OUT_ORIGINAL_WITH_CLUSTERS = "../data/processed/original_with_clusters.csv"
OUT_CLUSTER_PROFILE = "../data/processed/cluster_summary_original_features.csv"

RANDOM_STATE = 42

In [None]:
# D) Load Data (scaled features + original readable dataset)
df_scaled = pd.read_csv(SCALED_PATH)
df_original = pd.read_csv(ORIGINAL_PATH, low_memory=False)

print("df_scaled shape   :", df_scaled.shape)
print("df_original shape :", df_original.shape)

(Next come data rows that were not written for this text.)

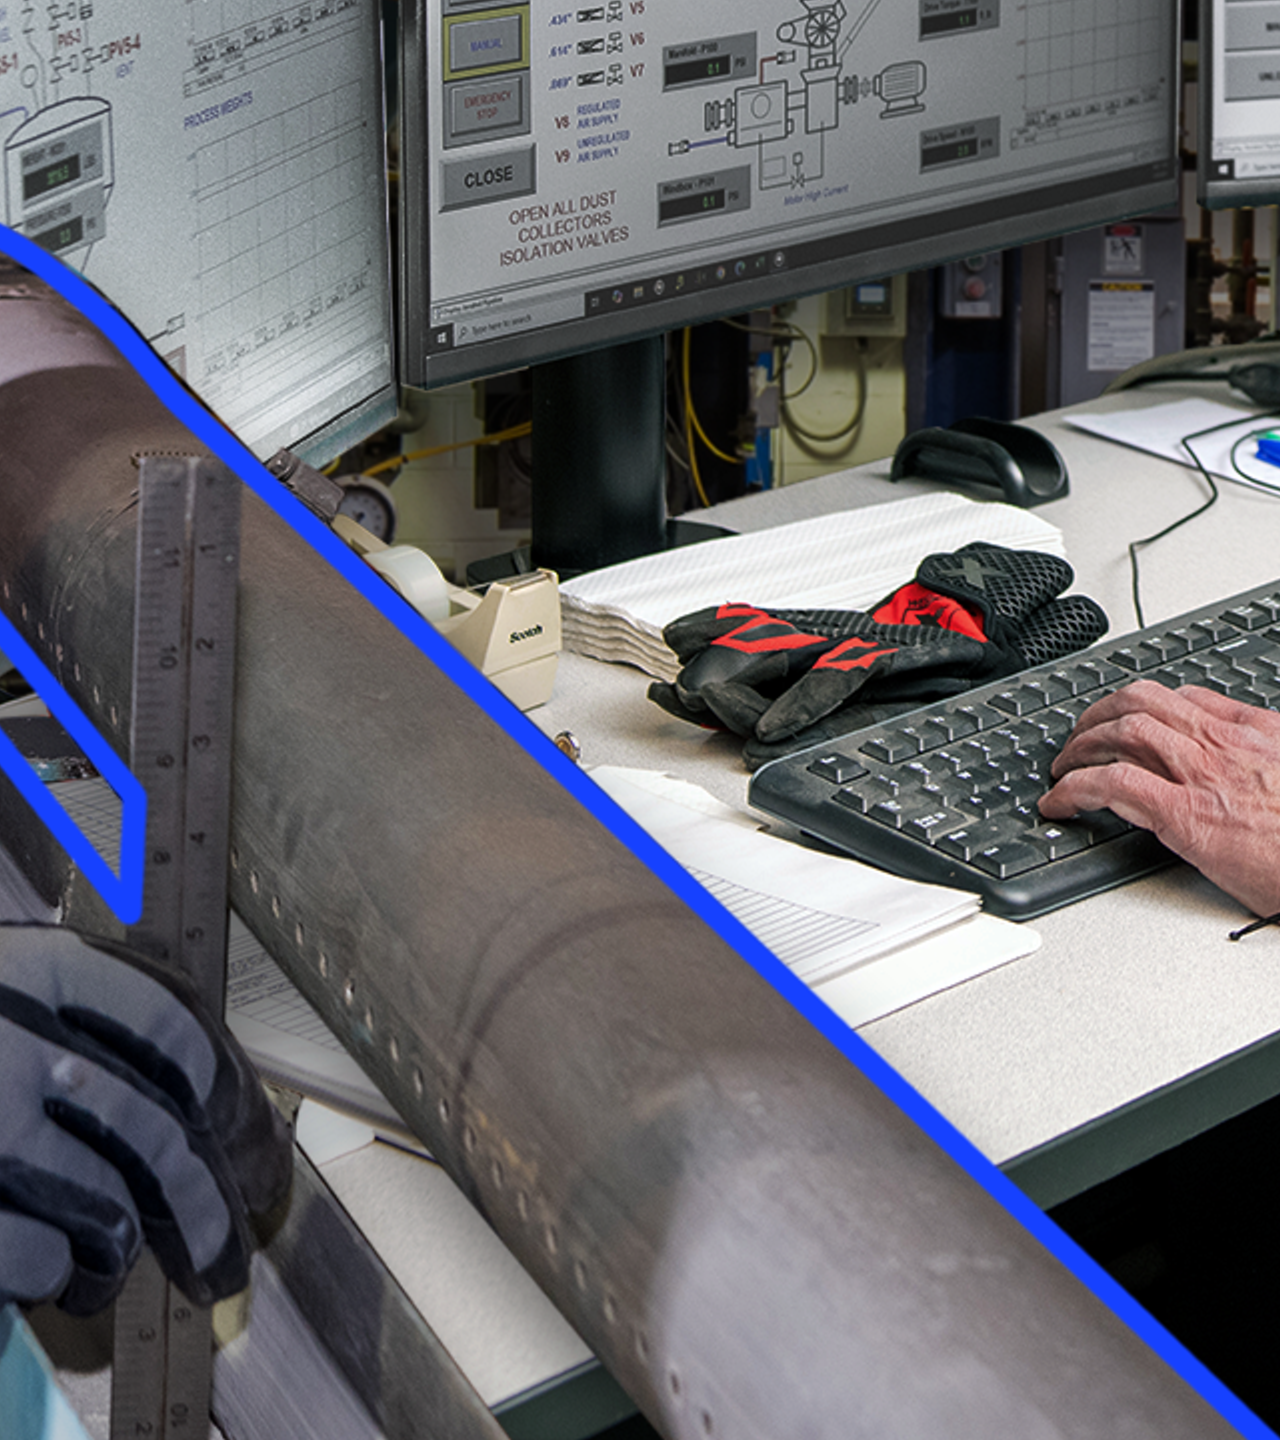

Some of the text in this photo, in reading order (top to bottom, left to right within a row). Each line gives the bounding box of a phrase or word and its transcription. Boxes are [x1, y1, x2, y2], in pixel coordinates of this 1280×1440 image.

[629, 1, 645, 15] V5
[470, 39, 502, 52] MANUAL
[629, 33, 645, 47] V6
[669, 45, 696, 58] Manifold
[629, 64, 645, 78] V7
[707, 63, 720, 74] 0.1
[464, 90, 511, 109] EMERGENCY
[577, 99, 620, 116] REGULATED
[184, 90, 253, 131] PROCESS WEIGHTS
[477, 107, 497, 120] STOP
[554, 116, 570, 129] V8
[577, 114, 619, 129] AIR SUPPLY
[577, 130, 631, 149] UNREGULATED
[554, 150, 570, 163] V9
[577, 148, 619, 163] AIR SUPPLY
[464, 166, 513, 188] CLOSE
[663, 181, 693, 194] Windbox
[784, 184, 849, 206] Motor High Current
[509, 190, 618, 225] OPEN ALL DUST
[703, 197, 715, 208] 0.1
[518, 211, 612, 243] COLLECTORS
[500, 226, 630, 267] ISOLATION VALVES
[509, 624, 544, 643] Scotch
[195, 636, 216, 653] 2
[192, 733, 212, 752] 3
[189, 830, 207, 846] 4
[185, 925, 205, 941] 5
[137, 1327, 157, 1343] 3
[135, 1420, 154, 1436] 2
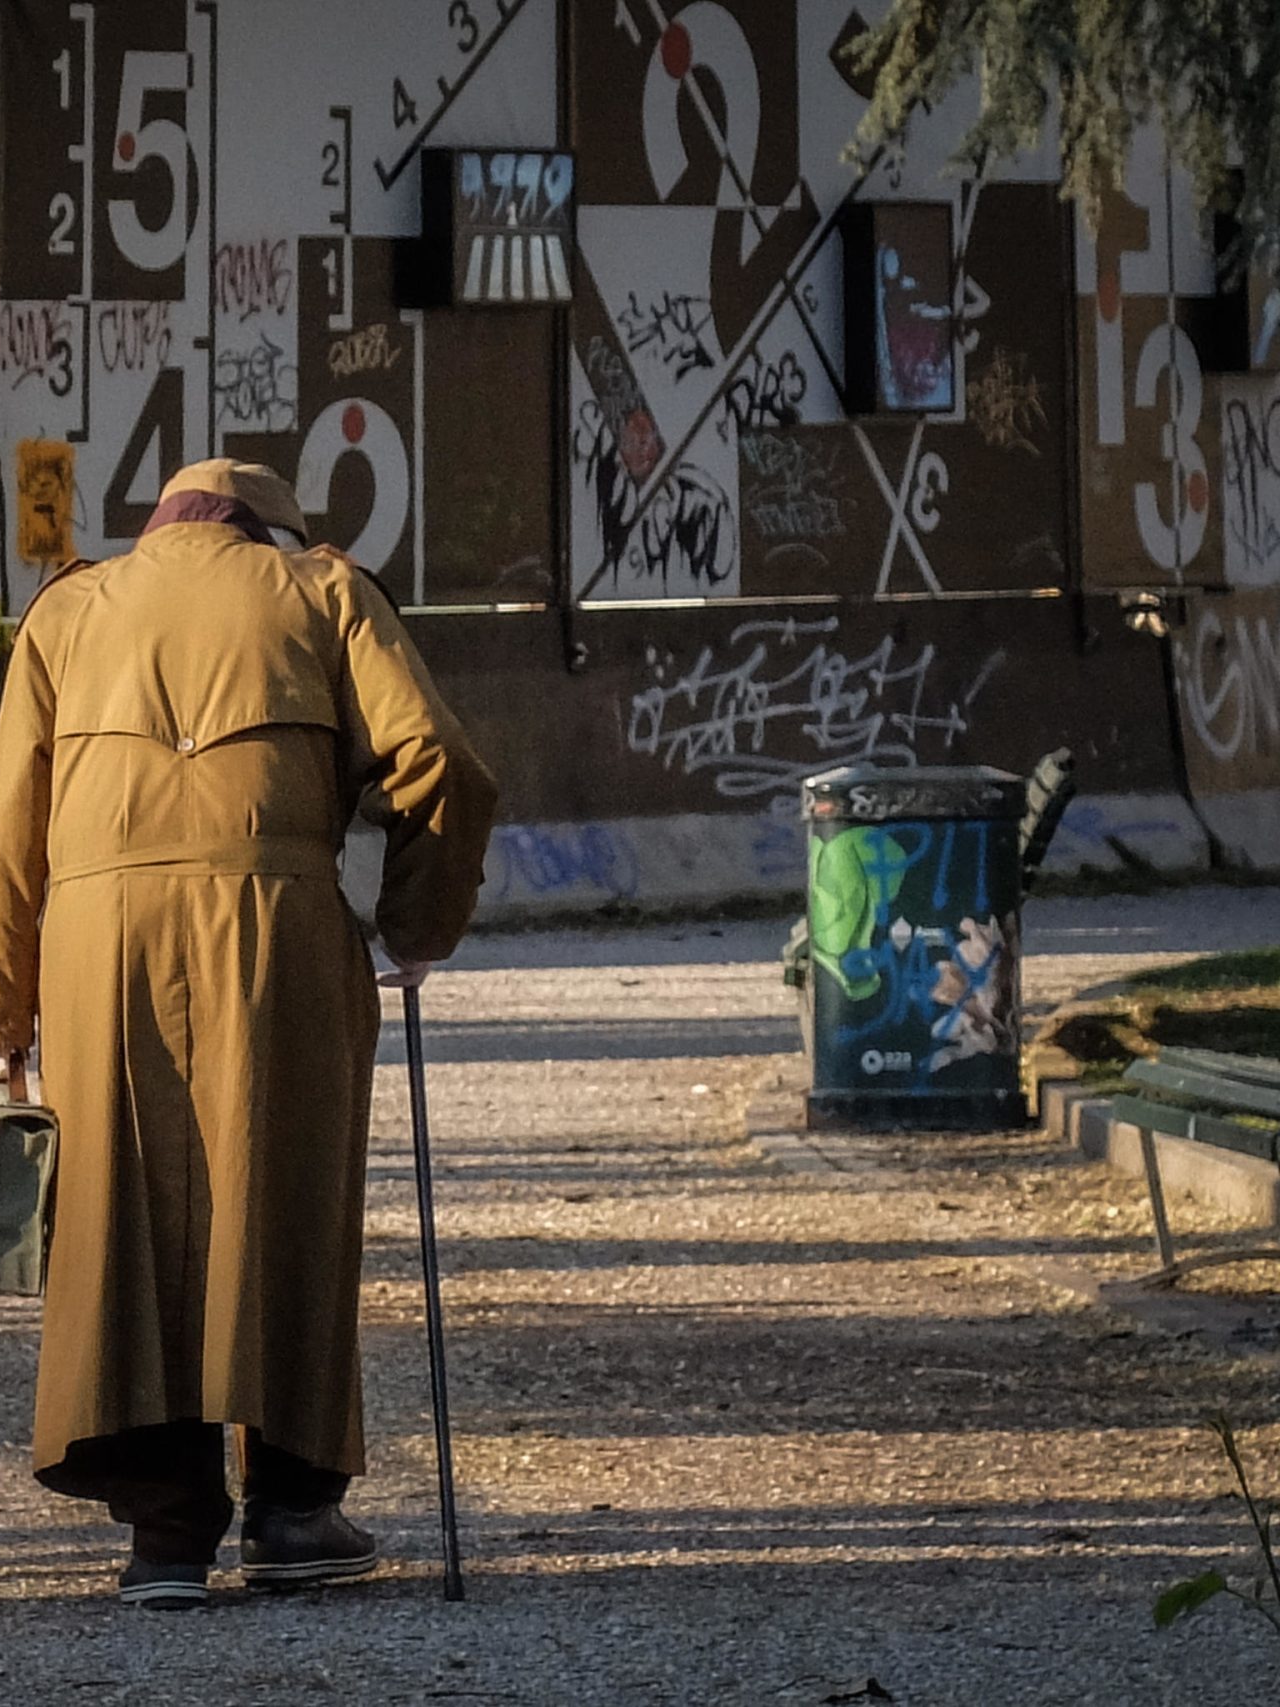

# Validate row alignment (must be same row order for label linking)
if len(df_scaled) != len(df_original):
    raise ValueError(
        f"Row mismatch! df_scaled has {len(df_scaled)} rows but df_original has {len(df_original)} rows.\n"
        "They MUST represent the same entities in the same order so cluster labels can be linked back safely.\n"
        "Fix upstream preprocessing to avoid dropping/shuffling rows, or re-export the aligned files."
    )

# Optional stronger check if a stable row id exists in both files
candidate_id_cols = ["row_id", "RowID", "id", "ID"]
id_col = next((c for c in candidate_id_cols if c in df_scaled.columns and c in df_original.columns), None)
if id_col is not None:
    if not (df_scaled[id_col].astype(str).values == df_original[id_col].astype(str).values).all():
        raise ValueError(
            f"Row order mismatch detected via column '{id_col}'.\n"
            "The two files must be aligned row-by-row before clustering labels can be joined back."
        )

## E) Dimensionality Reduction

We reduce dimensionality to make KMeans faster and more stable.
- If the feature matrix is **dense** (like a numeric CSV), we use **PCA** with `n_components=0.95` to keep 95% variance.
- If the feature matrix is **sparse** (common after one-hot encoding), PCA may require centering and can become expensive; in that case we use **TruncatedSVD**, which works directly with sparse matrices without densifying.

In [None]:
# E2) Compute PCA (dense) or TruncatedSVD (sparse) -> df_pca
X = df_scaled

# Detect sparse matrices without forcing a SciPy dependency (SciPy is optional here)
is_sparse = False
try:
    from scipy import sparse  # optional; only used for sparse checks
    is_sparse = sparse.issparse(X)
except Exception:
    is_sparse = False

if is_sparse:
    # TruncatedSVD does not support n_components as a variance ratio directly.
    # Use a reasonable cap; increase if cumulative variance is too low for your use case.
    n_components = min(200, X.shape[1] - 1) if X.shape[1] > 1 else 1
    reducer = TruncatedSVD(n_components=n_components, random_state=RANDOM_STATE)
    X_reduced = reducer.fit_transform(X)
    explained = float(np.sum(reducer.explained_variance_ratio_))
    reducer_name = "TruncatedSVD"
else:
    reducer = PCA(n_components=0.95, random_state=RANDOM_STATE)
    X_reduced = reducer.fit_transform(X)
    explained = float(np.sum(reducer.explained_variance_ratio_))
    reducer_name = "PCA"

df_pca = pd.DataFrame(X_reduced, columns=[f"PC{i+1}" for i in range(X_reduced.shape[1])])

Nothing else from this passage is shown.